- [Task objective] Only the pictures are dropped. Restate each line below word for word.

(Dataset entries)
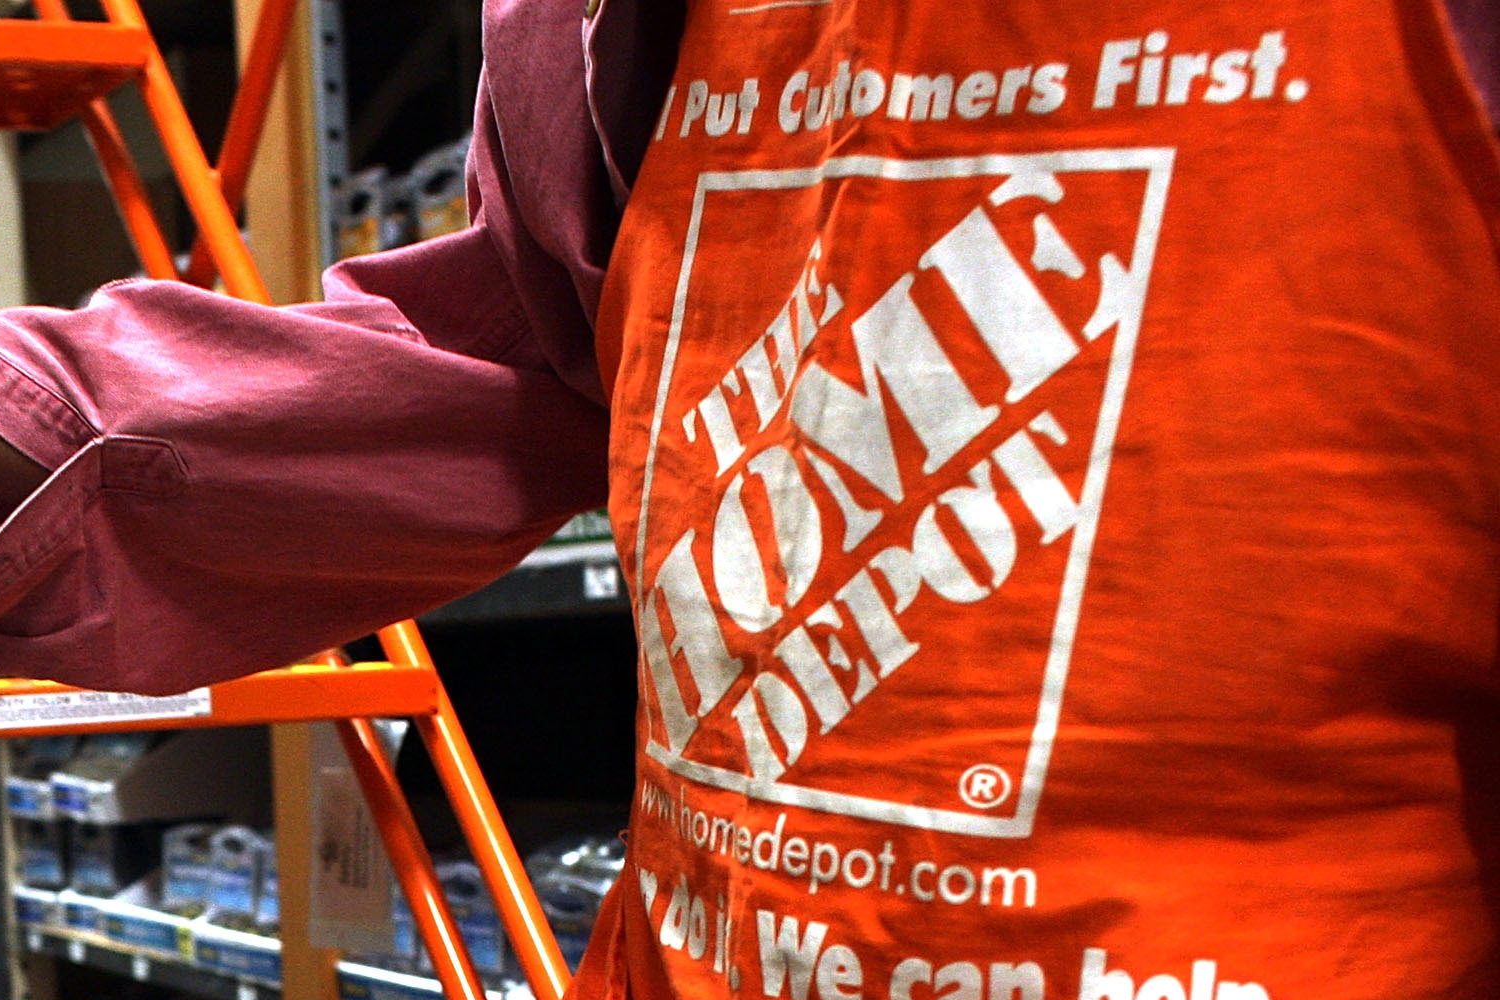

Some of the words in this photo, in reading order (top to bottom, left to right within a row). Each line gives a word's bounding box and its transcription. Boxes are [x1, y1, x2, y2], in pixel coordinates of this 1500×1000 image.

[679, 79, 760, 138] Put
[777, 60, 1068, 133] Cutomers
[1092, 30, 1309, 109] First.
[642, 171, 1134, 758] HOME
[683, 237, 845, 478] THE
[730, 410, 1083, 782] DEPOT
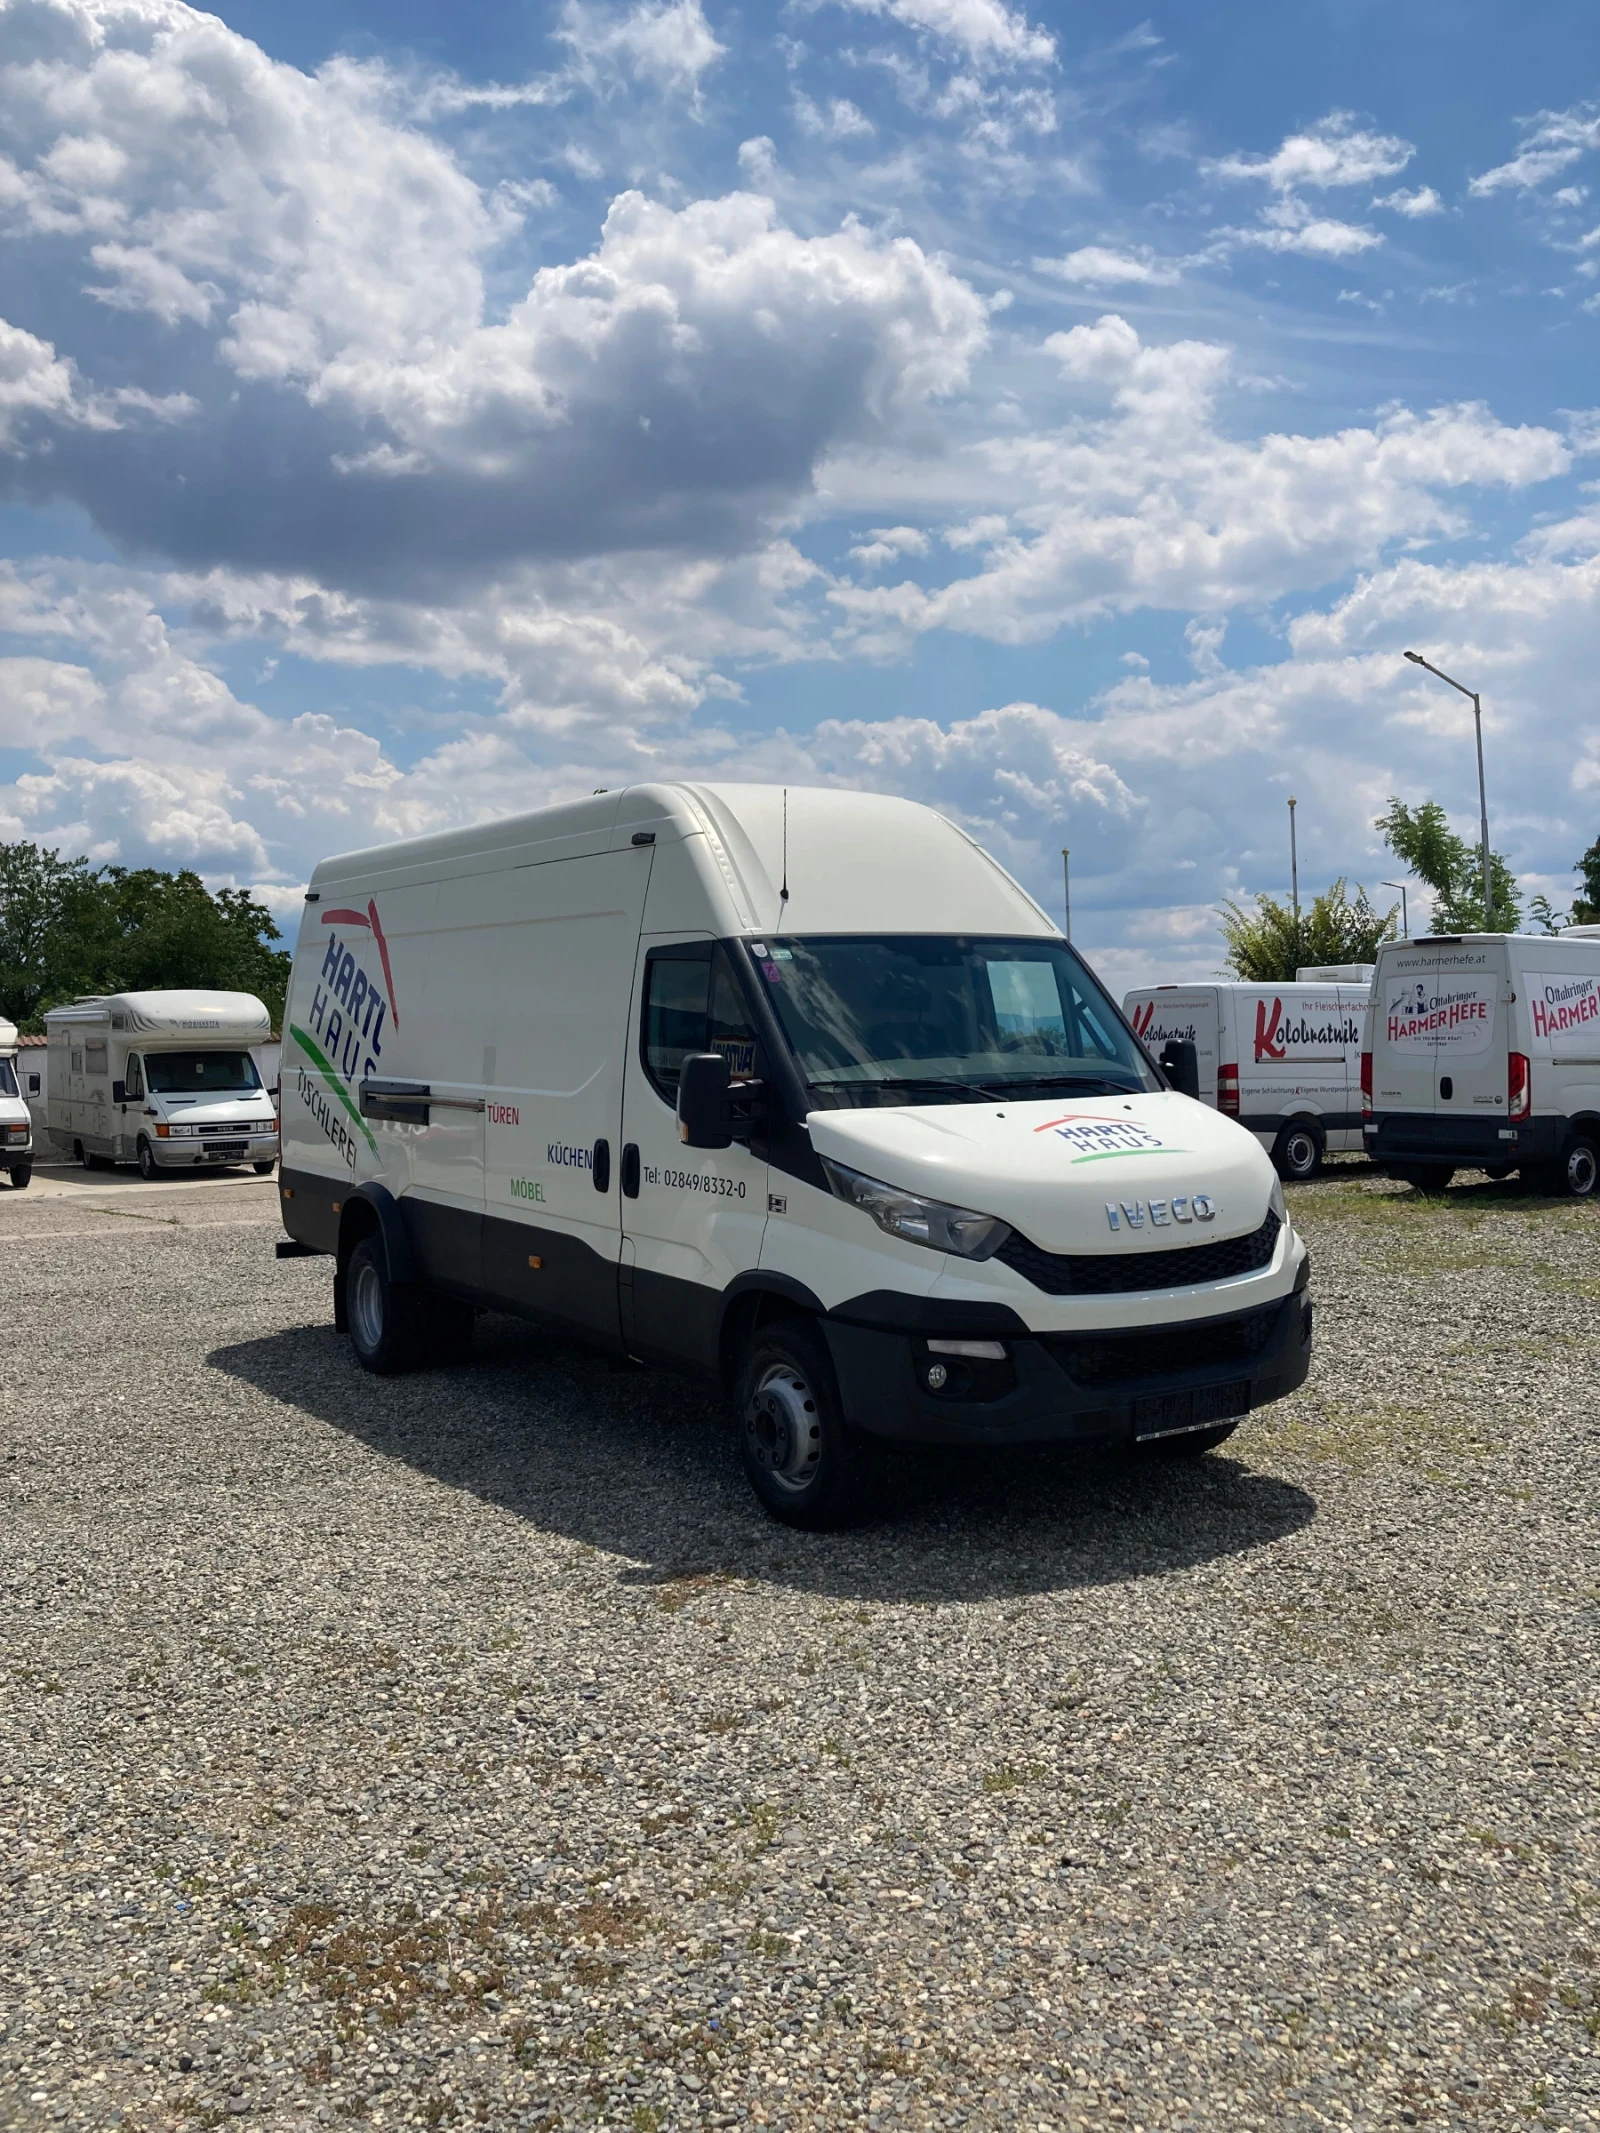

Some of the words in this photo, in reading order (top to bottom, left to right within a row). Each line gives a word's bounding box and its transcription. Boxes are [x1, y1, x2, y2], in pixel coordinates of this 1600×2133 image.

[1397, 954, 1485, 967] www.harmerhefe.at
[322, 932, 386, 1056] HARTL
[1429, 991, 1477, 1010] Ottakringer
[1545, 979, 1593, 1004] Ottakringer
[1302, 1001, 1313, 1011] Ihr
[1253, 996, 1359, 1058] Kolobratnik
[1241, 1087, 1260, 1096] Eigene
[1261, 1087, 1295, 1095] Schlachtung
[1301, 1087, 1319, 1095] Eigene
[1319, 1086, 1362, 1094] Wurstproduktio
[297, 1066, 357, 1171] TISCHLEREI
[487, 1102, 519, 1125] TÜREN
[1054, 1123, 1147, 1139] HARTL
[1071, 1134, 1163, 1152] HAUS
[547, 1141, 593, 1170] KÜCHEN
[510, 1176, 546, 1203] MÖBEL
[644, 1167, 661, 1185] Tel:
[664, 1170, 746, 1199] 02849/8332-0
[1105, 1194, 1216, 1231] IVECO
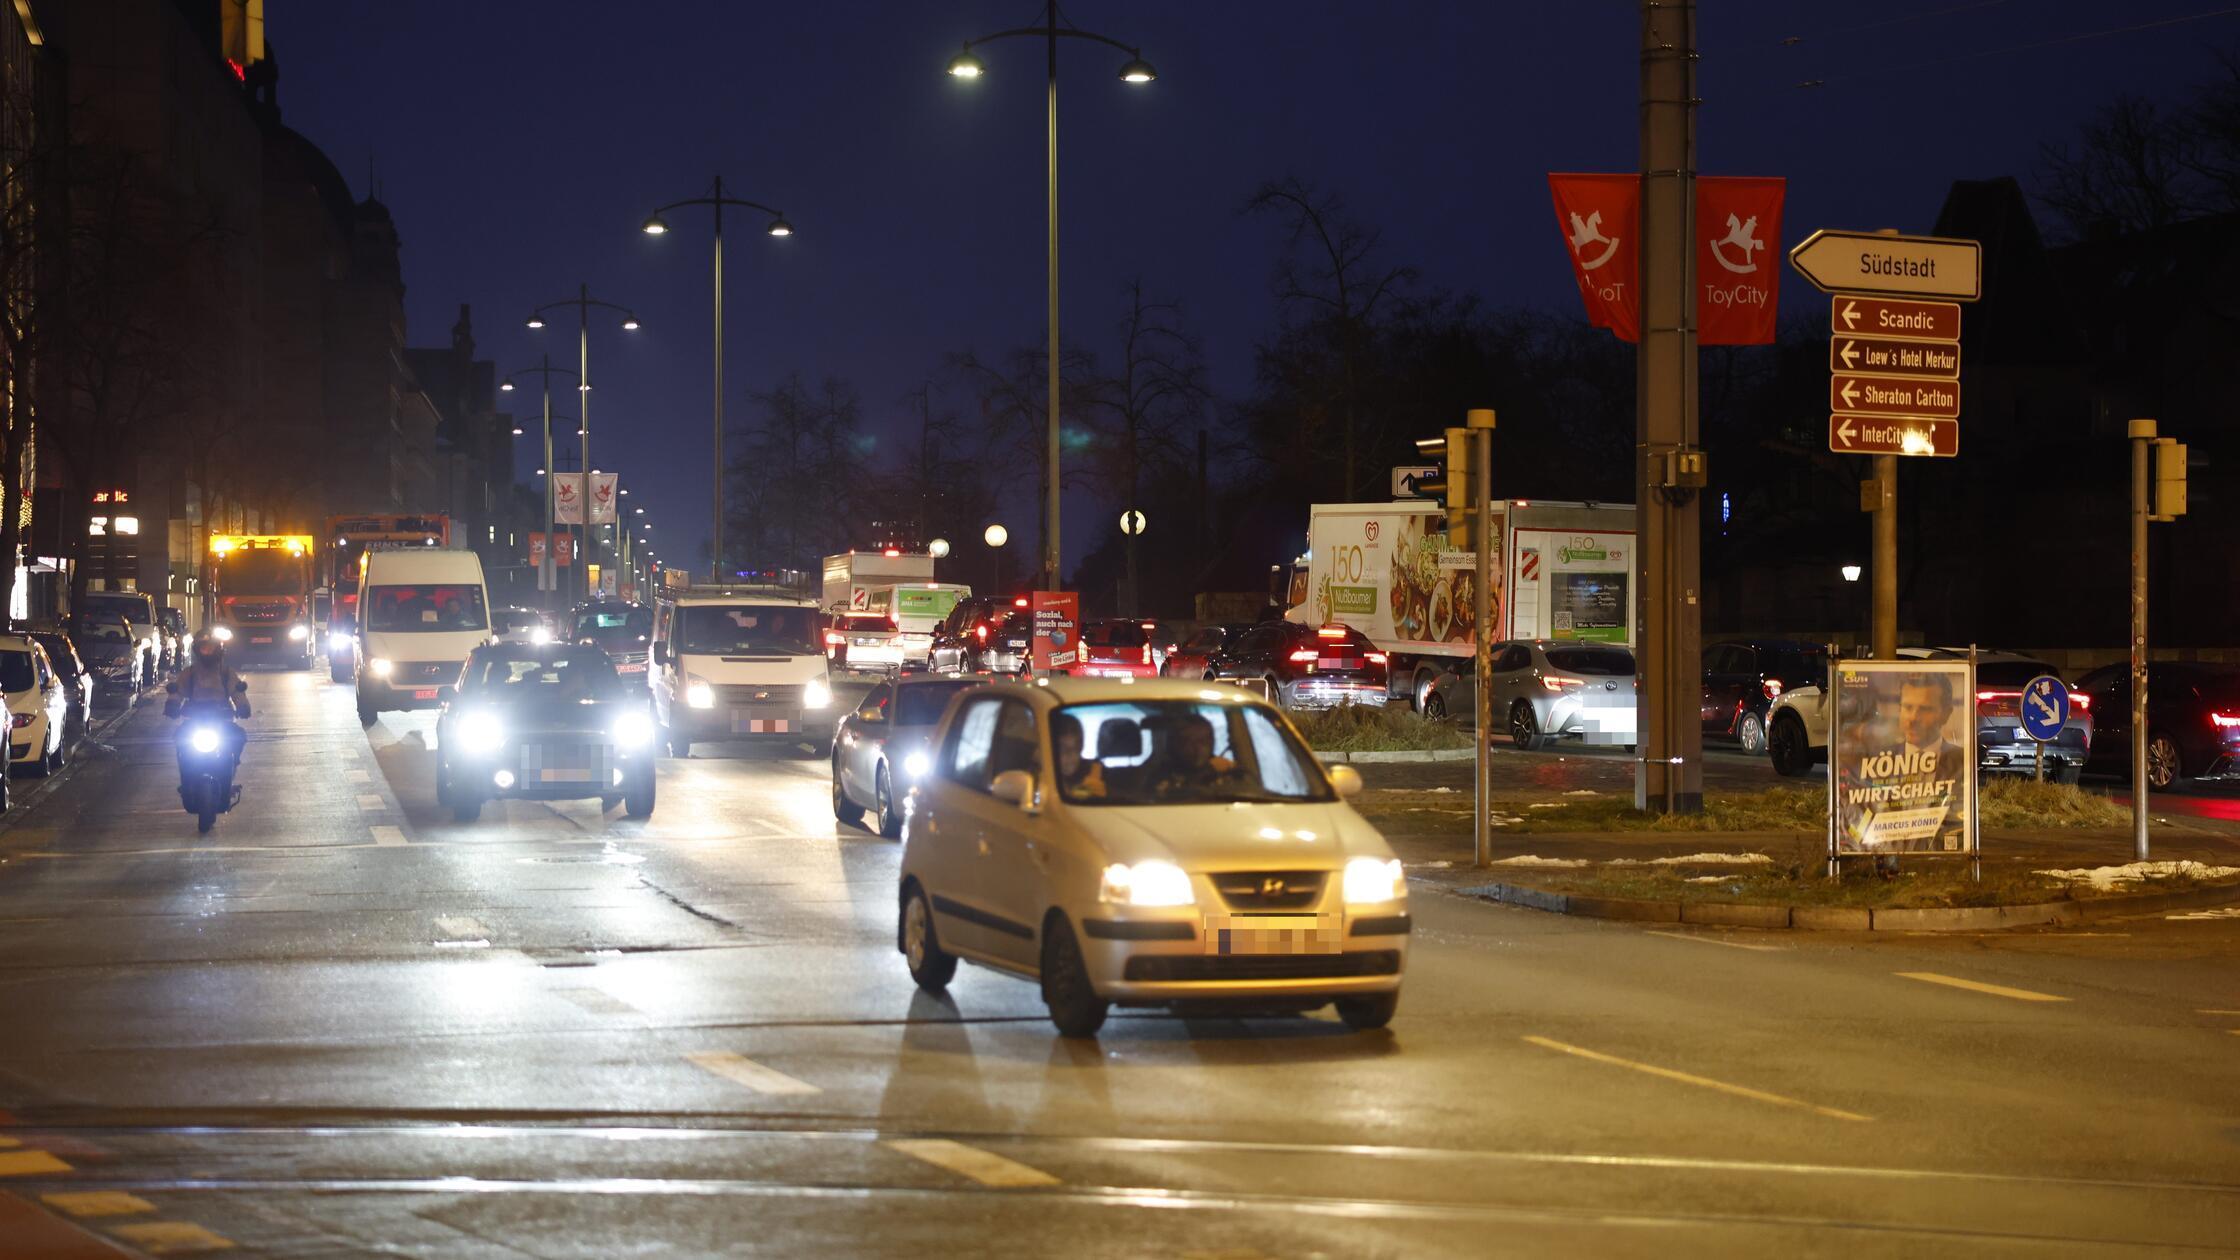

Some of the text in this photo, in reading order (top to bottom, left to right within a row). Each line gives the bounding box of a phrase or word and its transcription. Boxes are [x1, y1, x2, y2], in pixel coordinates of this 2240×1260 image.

- [Task solution]
Some of the words in this photo, in reading order (top to bottom, left to right within a row). Each line gives a word's bounding box and its transcription. Boxes are [x1, y1, x2, y2], in pixel coordinates of this 1500×1000 image.

[679, 79, 760, 138] Put
[777, 60, 1068, 133] Cutomers
[1092, 30, 1309, 109] First.
[642, 171, 1134, 758] HOME
[683, 237, 845, 478] THE
[730, 410, 1083, 782] DEPOT

Some of the words in this photo, in reading order (top to bottom, left to right within a row). Each line gives a word's bounding box and its transcription. Boxes are [x1, y1, x2, y2], in pixel coordinates of this 1600×2133 image.

[1397, 954, 1485, 967] www.harmerhefe.at
[322, 932, 386, 1056] HARTL
[1429, 991, 1477, 1010] Ottakringer
[1545, 979, 1593, 1004] Ottakringer
[1302, 1001, 1313, 1011] Ihr
[1253, 996, 1359, 1058] Kolobratnik
[1241, 1087, 1260, 1096] Eigene
[1261, 1087, 1295, 1095] Schlachtung
[1301, 1087, 1319, 1095] Eigene
[1319, 1086, 1362, 1094] Wurstproduktio
[297, 1066, 357, 1171] TISCHLEREI
[487, 1102, 519, 1125] TÜREN
[1054, 1123, 1147, 1139] HARTL
[1071, 1134, 1163, 1152] HAUS
[547, 1141, 593, 1170] KÜCHEN
[510, 1176, 546, 1203] MÖBEL
[644, 1167, 661, 1185] Tel:
[664, 1170, 746, 1199] 02849/8332-0
[1105, 1194, 1216, 1231] IVECO

Some of the text in this photo, in reading order (top to bottom, left to right within a row). Each line gives the bounding box of a phrase or word and its transcription. Boxes are [x1, y1, x2, y2], in pixel coordinates of this 2240×1260 image.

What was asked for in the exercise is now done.